Former local authority in Middlesex, England

Hendon was an ancient parish of around 8250 acre in Middlesex, on the border with Hertfordshire. As well as Hendon itself, the parish included Childs Hill, Golders Green and Mill Hill. In 1879 the parish was made a local government district. Such districts became urban districts in 1894. In 1931 the urban district absorbed the neighbouring parish of Edgware, and the following year the urban district was incorporated to become a municipal borough. The borough was abolished in 1965 when the area was transferred from Middlesex to Greater London and became part of the London Borough of Barnet.

==History==
===Background===

The name is either a Saxon-Celtic fusion meaning high down (hill) or purely Celtic meaning old down (hill). Its earliest known use is in 1005 as Heandunigna. It was in the Hundred of Gore in the county of Middlesex.

Under an Act receiving Royal Asset of Henry VIII's the parish vestry took over many manorial responsibilities. Under Queen Victoria civil parishes in England took over secular functions, the shed religious equivalent became the ecclesiastical parish. The parish of Hendon was made a local government district in 1879. Such districts were reconstituted as urban districts under the Local Government Act 1894. The urban district was enlarged in 1931 to absorb the neighbouring parish of Edgware (previously part of the Hendon Rural District). The urban district was elevated to become a municipal borough in 1932 (reflected in the final coat of arms and its description). The latter was abolished in 1965 and the area became part of the London Borough of Barnet.

Between 1835 and 1930 Hendon (Poor Law) Union was a poor Law Union a division mentioned among many others in most census returns. This included many otherwise non-associated parishes: Edgware, Great Stanmore, Little Stanmore, Kingsbury, Harrow on the Hill, Pinner, Willesden. It also took in the ancient parish of Hendon and all its later guises described above.

===Development===

Map of the wards of the Municipal Borough of Hendon in the 1950s. Edgware ward resembles the separate old parish it formerly constituted and continued to do so in the Church of England. The rest was all Hendon parish, the major administrative unit for its residents and ratepayers until the Urban District was formed.
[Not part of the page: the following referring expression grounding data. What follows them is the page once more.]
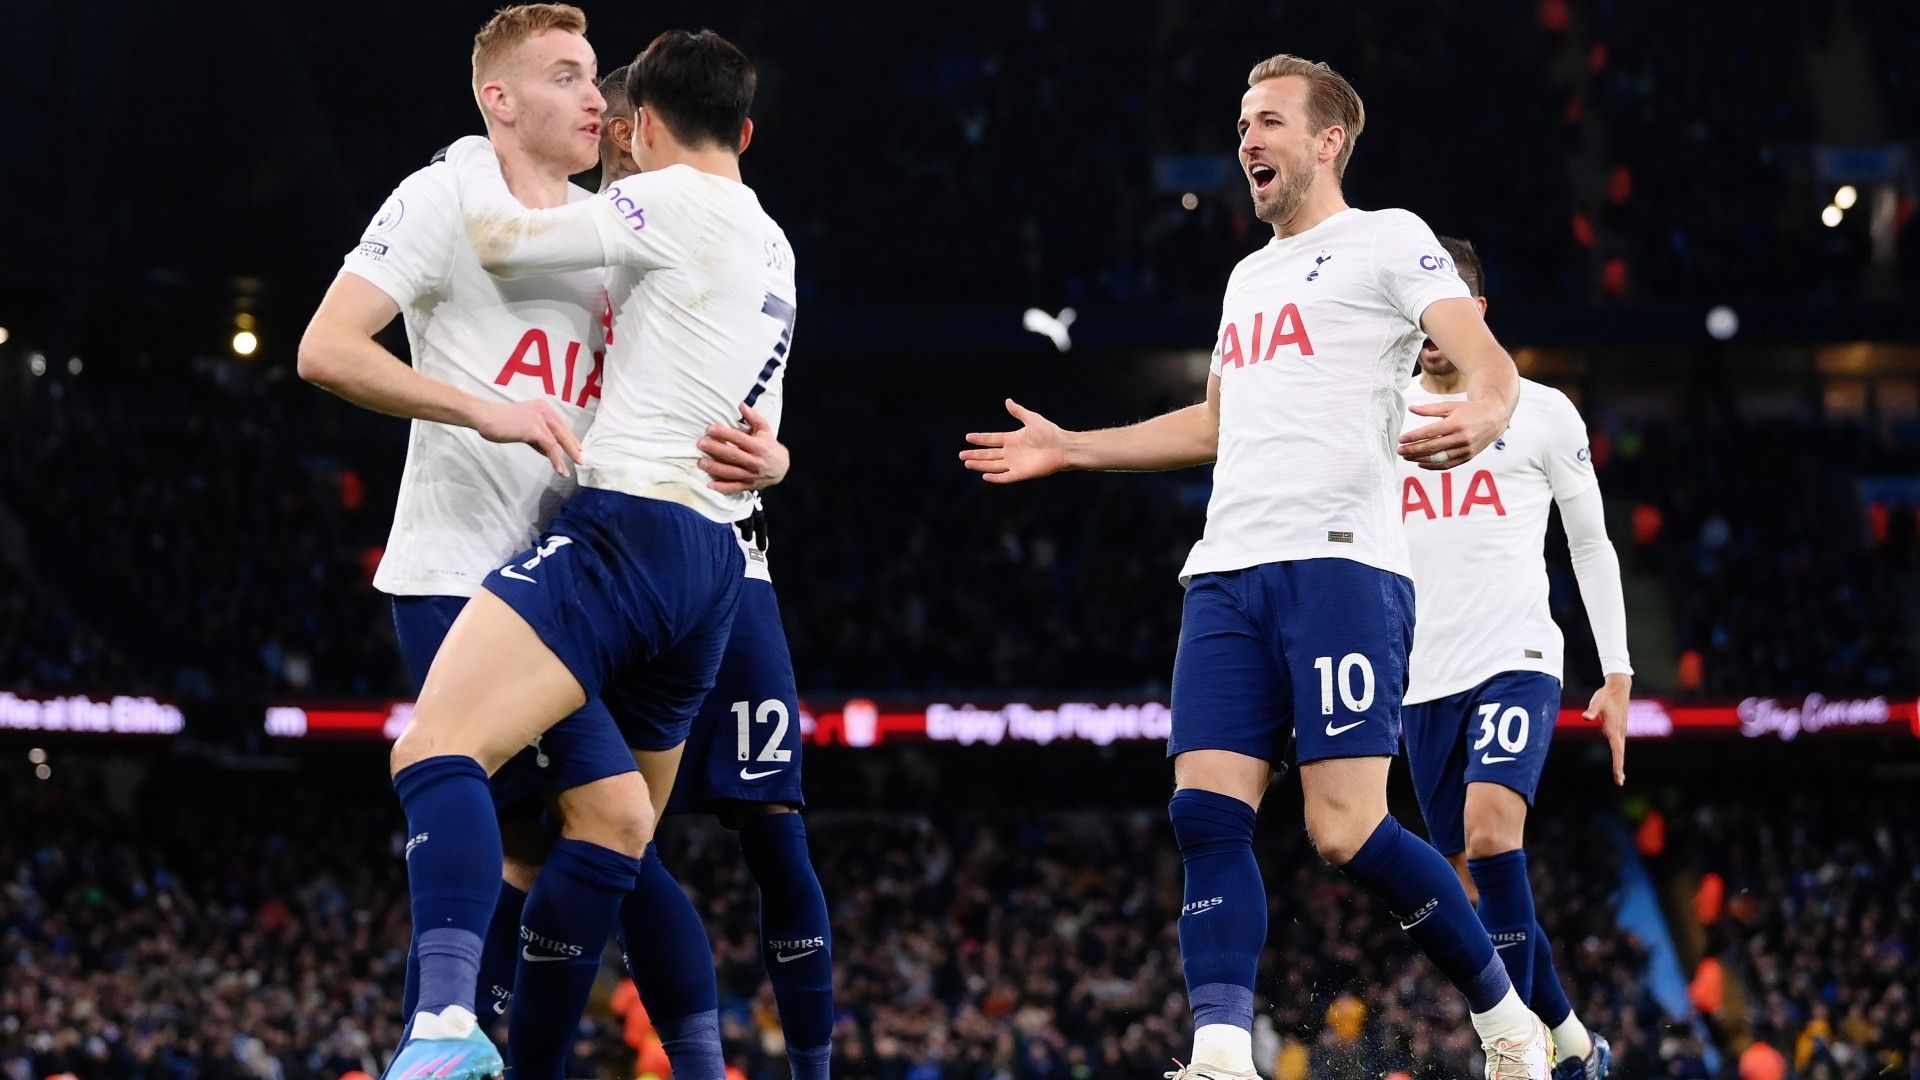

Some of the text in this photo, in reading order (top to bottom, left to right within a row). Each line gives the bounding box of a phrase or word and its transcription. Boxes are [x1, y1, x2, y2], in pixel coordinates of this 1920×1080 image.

[739, 291, 797, 422] 7
[1221, 303, 1314, 369] AIA
[1402, 470, 1506, 524] AIA
[1314, 652, 1375, 716] 10
[730, 699, 792, 762] 12
[1473, 702, 1529, 753] 30
[520, 925, 583, 956] SPURS
[769, 936, 824, 950] SPURS
There is evidence of Roman activity in Hendon, and along its western edge runs the Roman Road Watling Street. Hendon Manor was recorded in the Domesday survey of 1087 as lands belonging to Westminster Abbey. From at least the Saxon period until the 14th century most economic activity was centred on the extensive woodlands, cultivated for firewood and pigs, and an ancient route out of London, passing through Hampstead, Golders Green, and Mill Hill, (with slight variation in its course) continued to be important until the early 19th century. During the 17th century the area became famous for its hay. In 1765 the manor came into the possession of the actor David Garrick. In 1868 a station was opened on the Midland Railway, and this encouraged some suburban development in Hendon during the 1880s and 1890s. Samuel Clarke established the Pyramid and Fairy light works in Child's Hill during 1885, the first of Hendon's factories, which was joined by a number of other manufactories but it was the arrival of the trams and tubes between 1906 and 1924, that promoted the greatest growth. This was twofold as it provided not only a means of commuting for people living in the area into central London, but also provided reasonable transport for workers to come into the area. By the 1930s Hendon was a recognised industrial area of London, with companies like Schweppes, Johnson's Photographic Ltd and Handley Page the aircraft manufacturers. However much of Hendon's industry was minor engineer units, often employing fewer than twenty people. During the post war period demand for new housing pushed industry out of the area, and established the district as solely suburban in nature.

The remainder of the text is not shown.